■ **How to complete this task**:
Below are records; from the line containing "this 2072×1786 image." through the very last line, output each line exactly. No pictures.

■ **Raw data**:
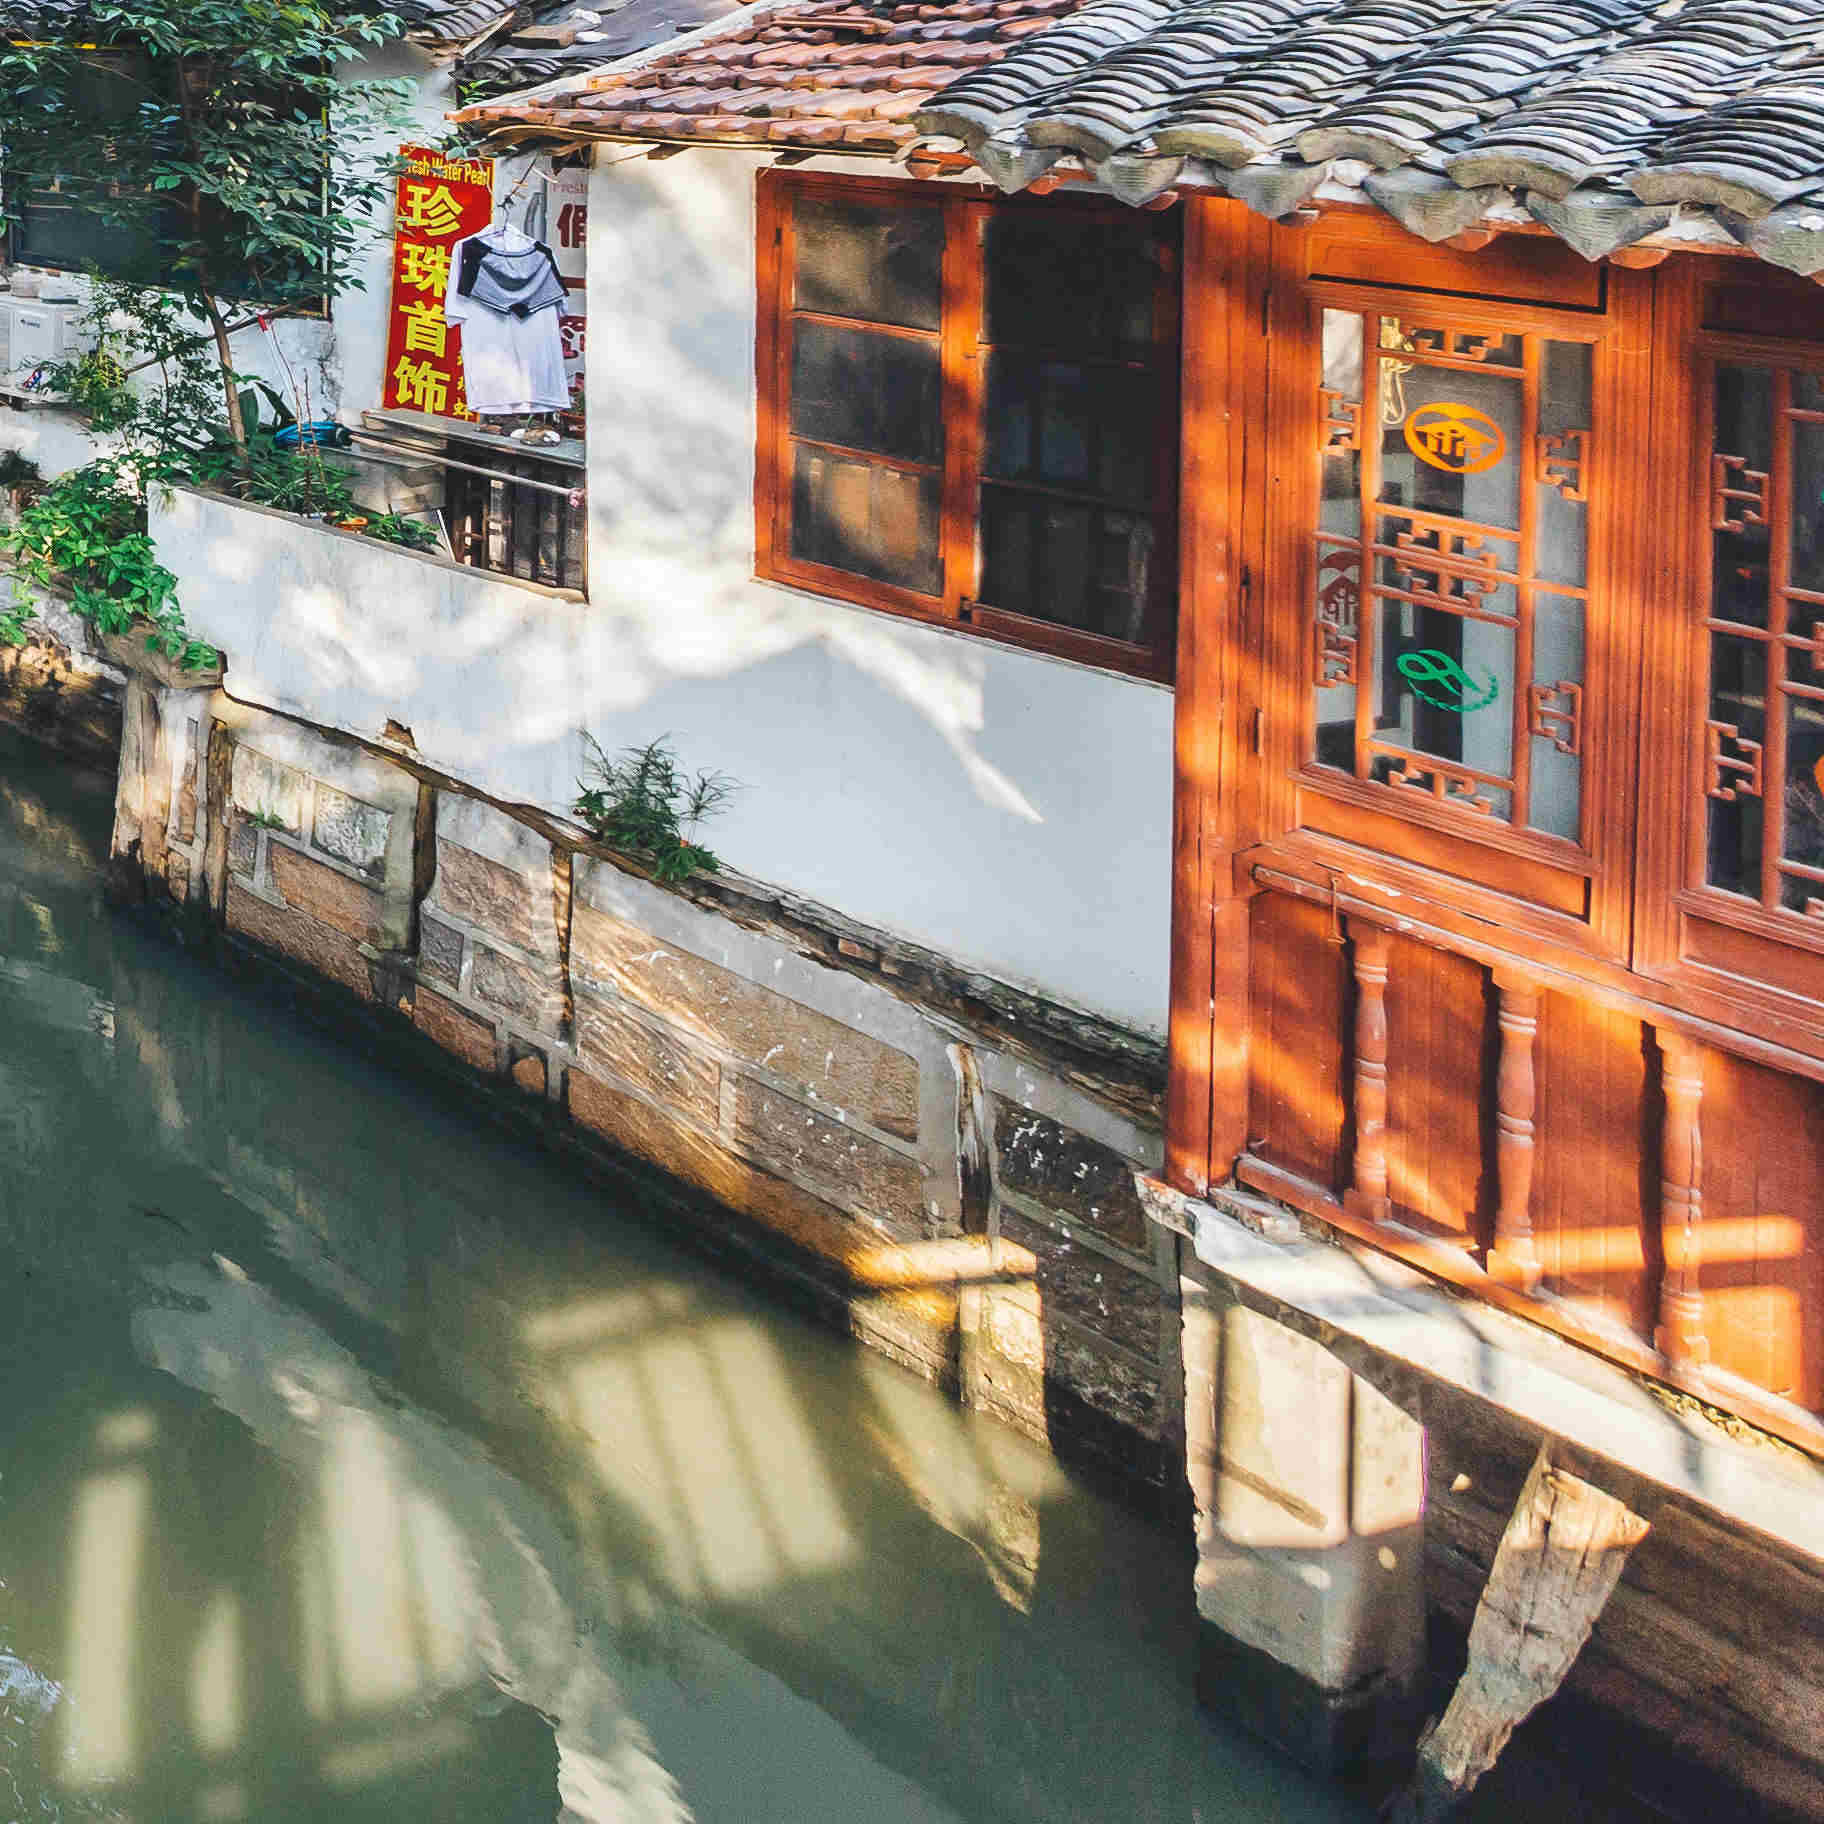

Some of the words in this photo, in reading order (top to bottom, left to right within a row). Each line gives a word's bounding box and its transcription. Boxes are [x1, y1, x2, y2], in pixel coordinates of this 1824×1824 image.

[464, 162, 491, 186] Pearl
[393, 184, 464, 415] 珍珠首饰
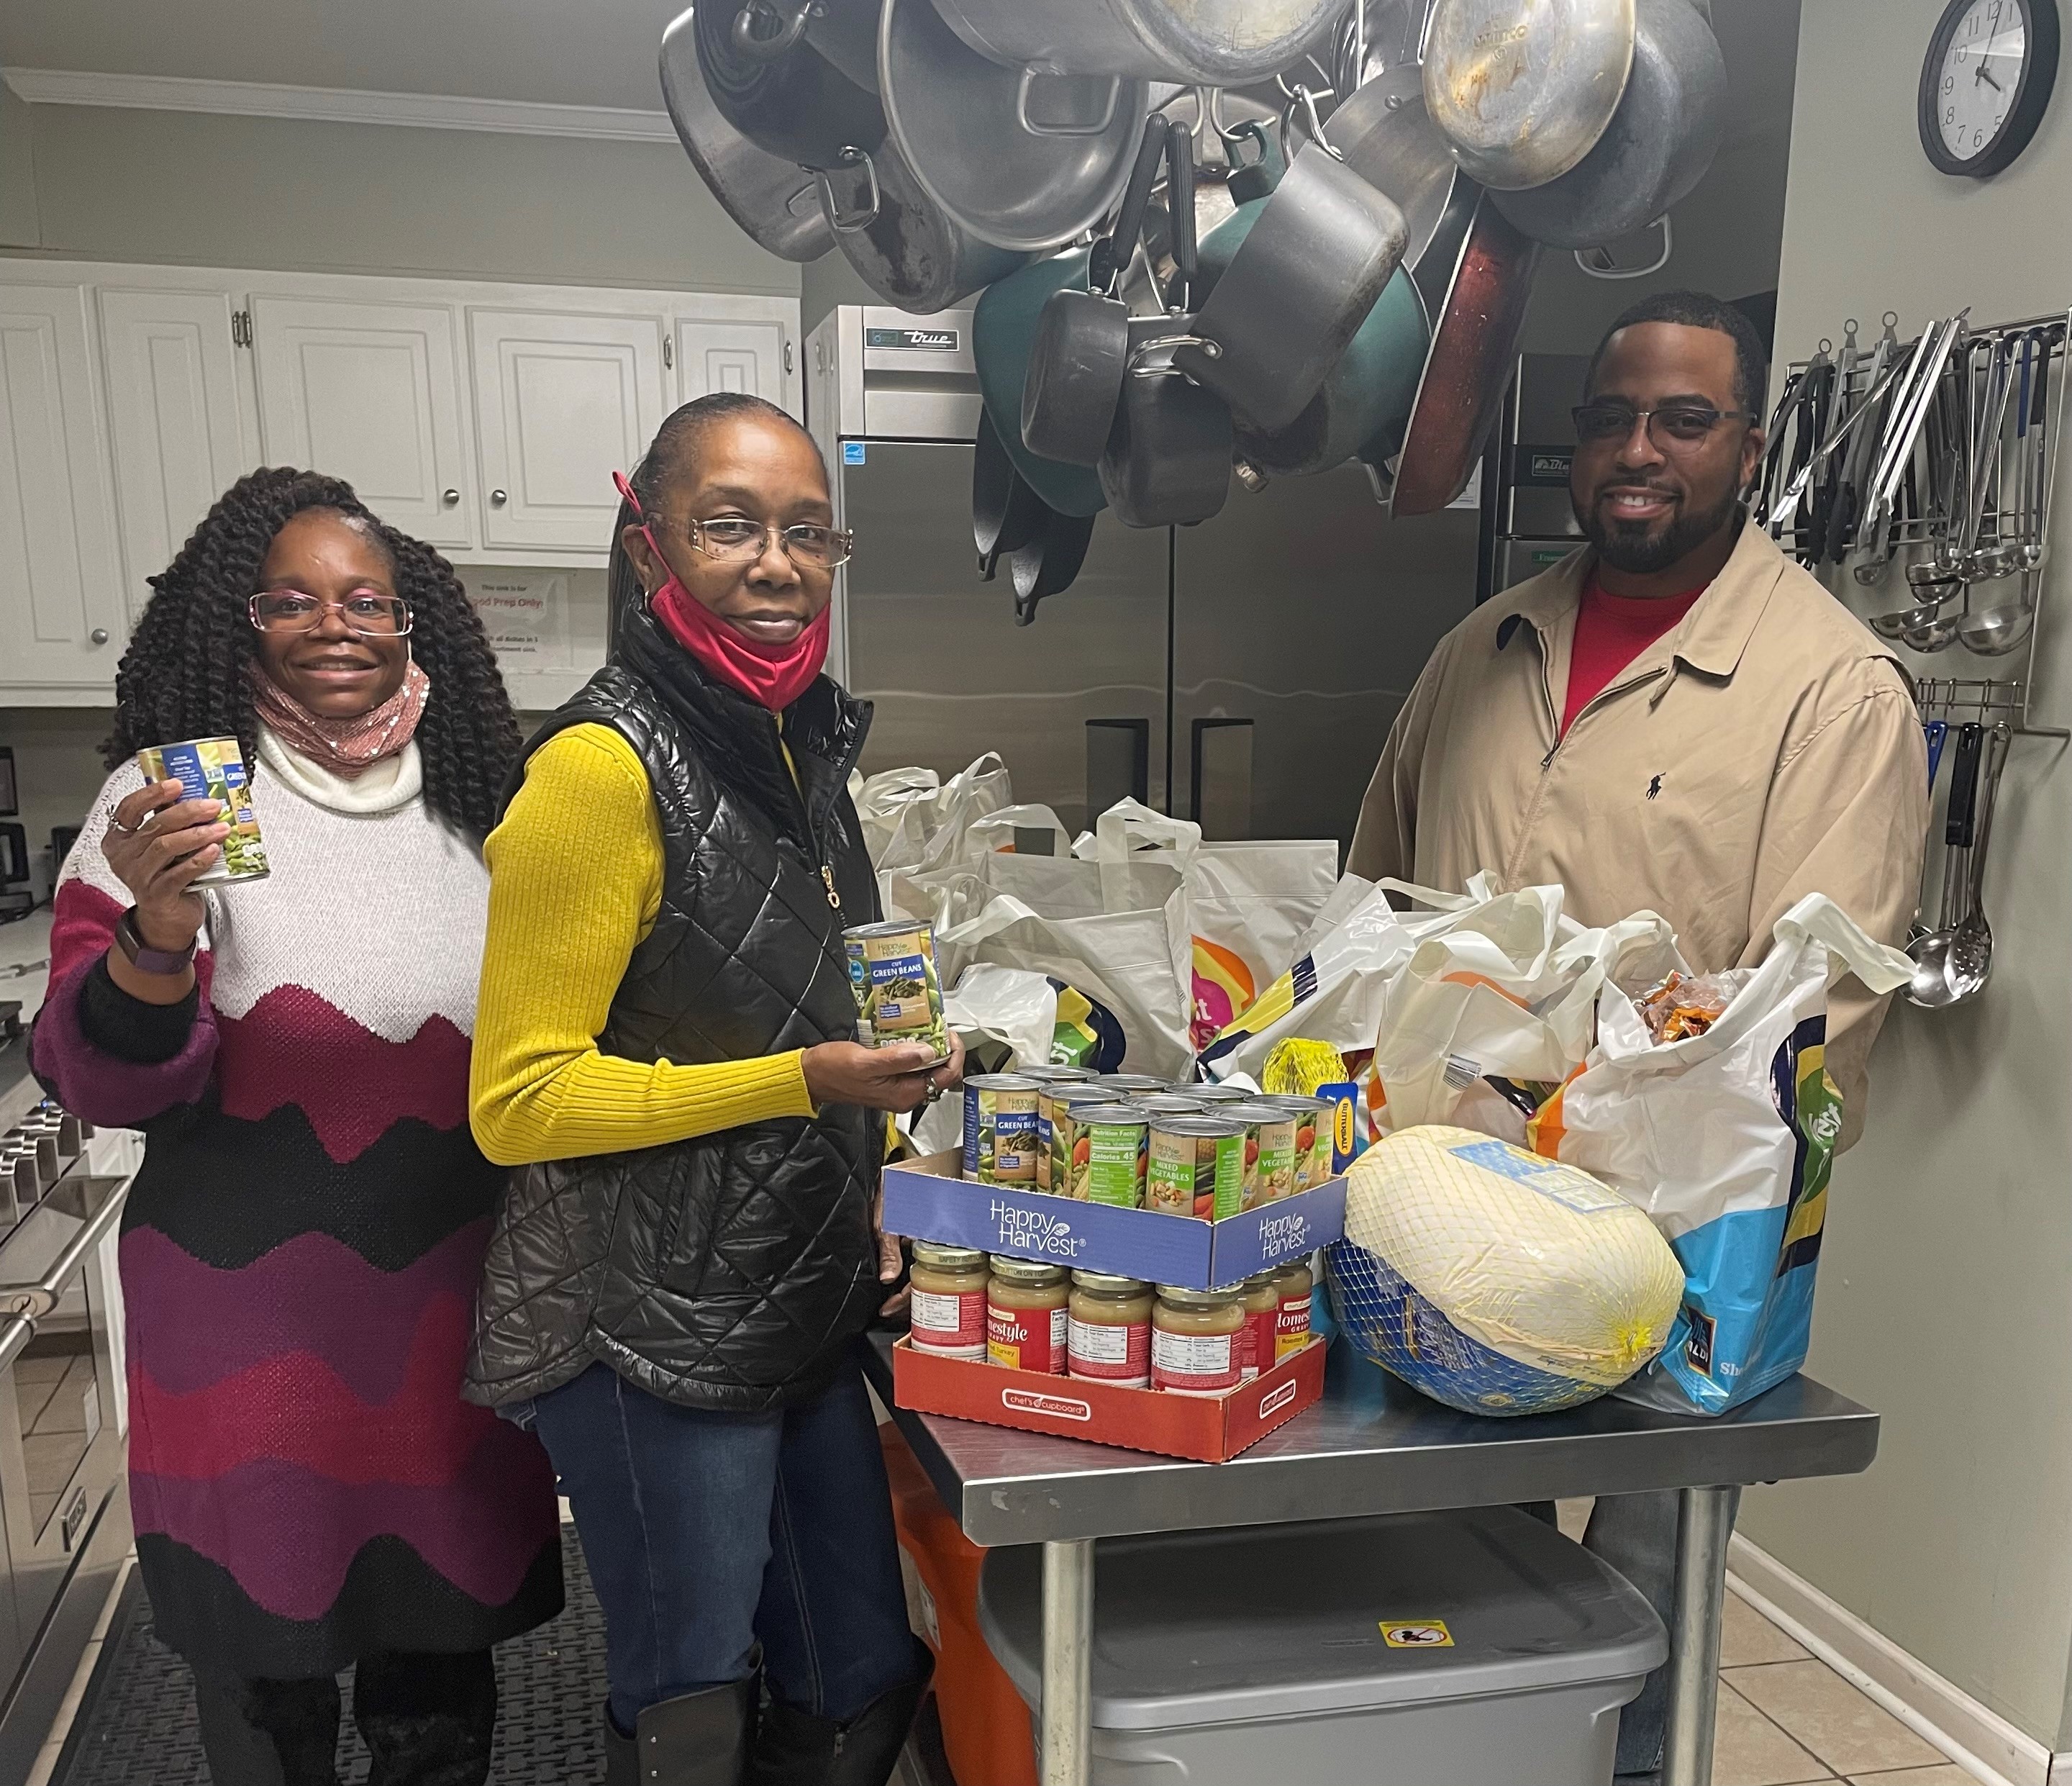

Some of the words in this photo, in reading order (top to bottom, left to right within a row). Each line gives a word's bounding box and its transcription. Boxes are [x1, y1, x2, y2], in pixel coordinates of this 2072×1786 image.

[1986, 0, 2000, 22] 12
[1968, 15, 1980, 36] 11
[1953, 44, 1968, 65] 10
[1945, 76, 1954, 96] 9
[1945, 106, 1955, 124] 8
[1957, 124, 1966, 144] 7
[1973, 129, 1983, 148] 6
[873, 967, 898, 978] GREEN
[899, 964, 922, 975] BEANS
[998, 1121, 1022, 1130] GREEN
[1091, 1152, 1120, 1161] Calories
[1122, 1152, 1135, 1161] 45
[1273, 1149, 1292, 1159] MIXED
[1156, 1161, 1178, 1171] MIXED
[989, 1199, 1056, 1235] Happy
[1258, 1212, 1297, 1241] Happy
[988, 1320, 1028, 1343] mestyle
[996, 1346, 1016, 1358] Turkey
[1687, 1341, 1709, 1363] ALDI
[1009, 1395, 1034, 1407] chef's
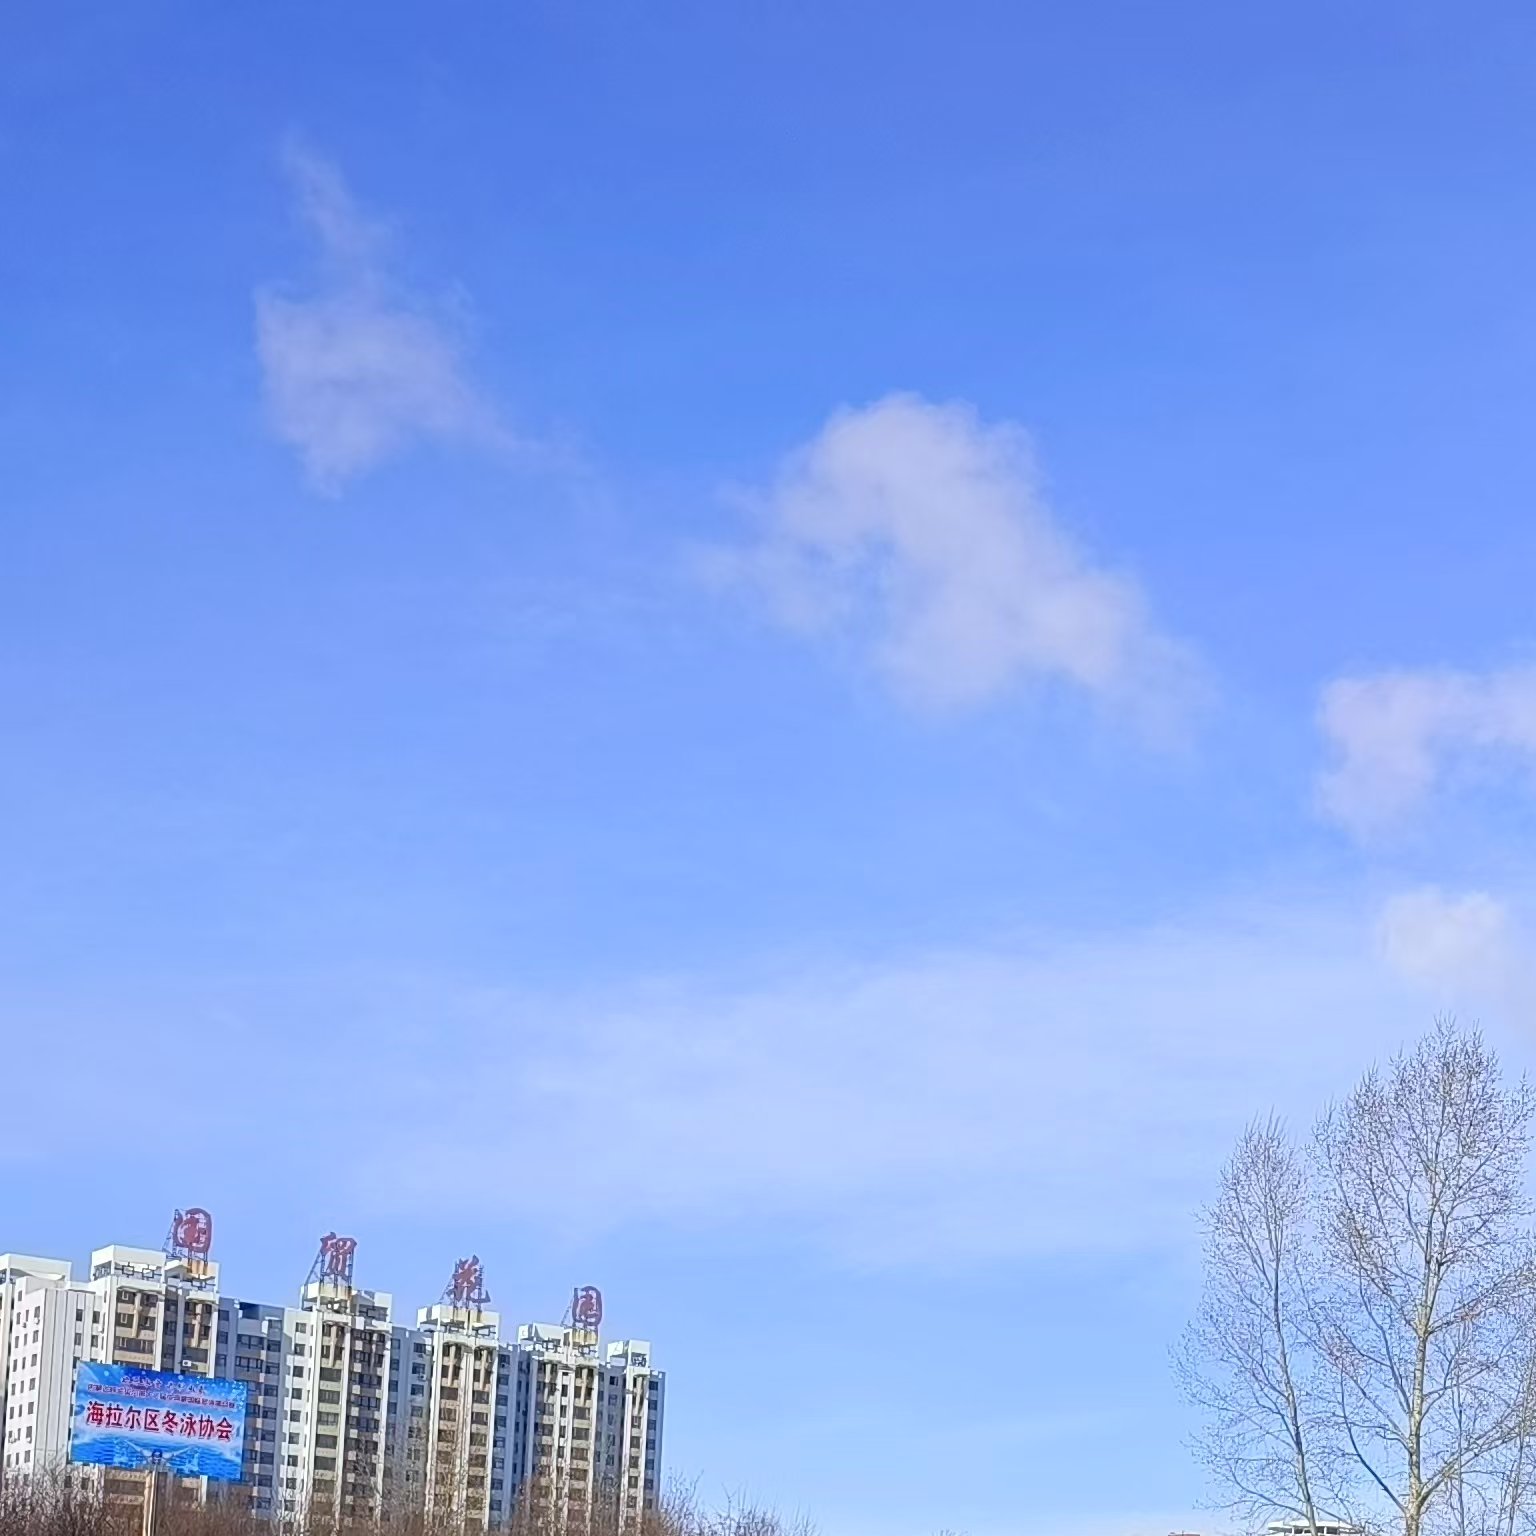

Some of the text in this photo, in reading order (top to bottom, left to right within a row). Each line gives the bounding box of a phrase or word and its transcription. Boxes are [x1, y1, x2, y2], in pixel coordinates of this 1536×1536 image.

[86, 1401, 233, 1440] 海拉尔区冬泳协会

■ **Expected answer**:
Some of the words in this photo, in reading order (top to bottom, left to right within a row). Each line gives a word's bounding box and its transcription. Boxes are [x1, y1, x2, y2], in pixel coordinates of this 2072×1786 image.

[1986, 0, 2000, 22] 12
[1968, 15, 1980, 36] 11
[1953, 44, 1968, 65] 10
[1945, 76, 1954, 96] 9
[1945, 106, 1955, 124] 8
[1957, 124, 1966, 144] 7
[1973, 129, 1983, 148] 6
[873, 967, 898, 978] GREEN
[899, 964, 922, 975] BEANS
[998, 1121, 1022, 1130] GREEN
[1091, 1152, 1120, 1161] Calories
[1122, 1152, 1135, 1161] 45
[1273, 1149, 1292, 1159] MIXED
[1156, 1161, 1178, 1171] MIXED
[989, 1199, 1056, 1235] Happy
[1258, 1212, 1297, 1241] Happy
[988, 1320, 1028, 1343] mestyle
[996, 1346, 1016, 1358] Turkey
[1687, 1341, 1709, 1363] ALDI
[1009, 1395, 1034, 1407] chef's

Some of the text in this photo, in reading order (top to bottom, left to right within a row). Each line gives the bounding box of a phrase or word and its transcription. Boxes are [x1, y1, x2, y2], in pixel coordinates of this 1536×1536 image.

[86, 1401, 233, 1440] 海拉尔区冬泳协会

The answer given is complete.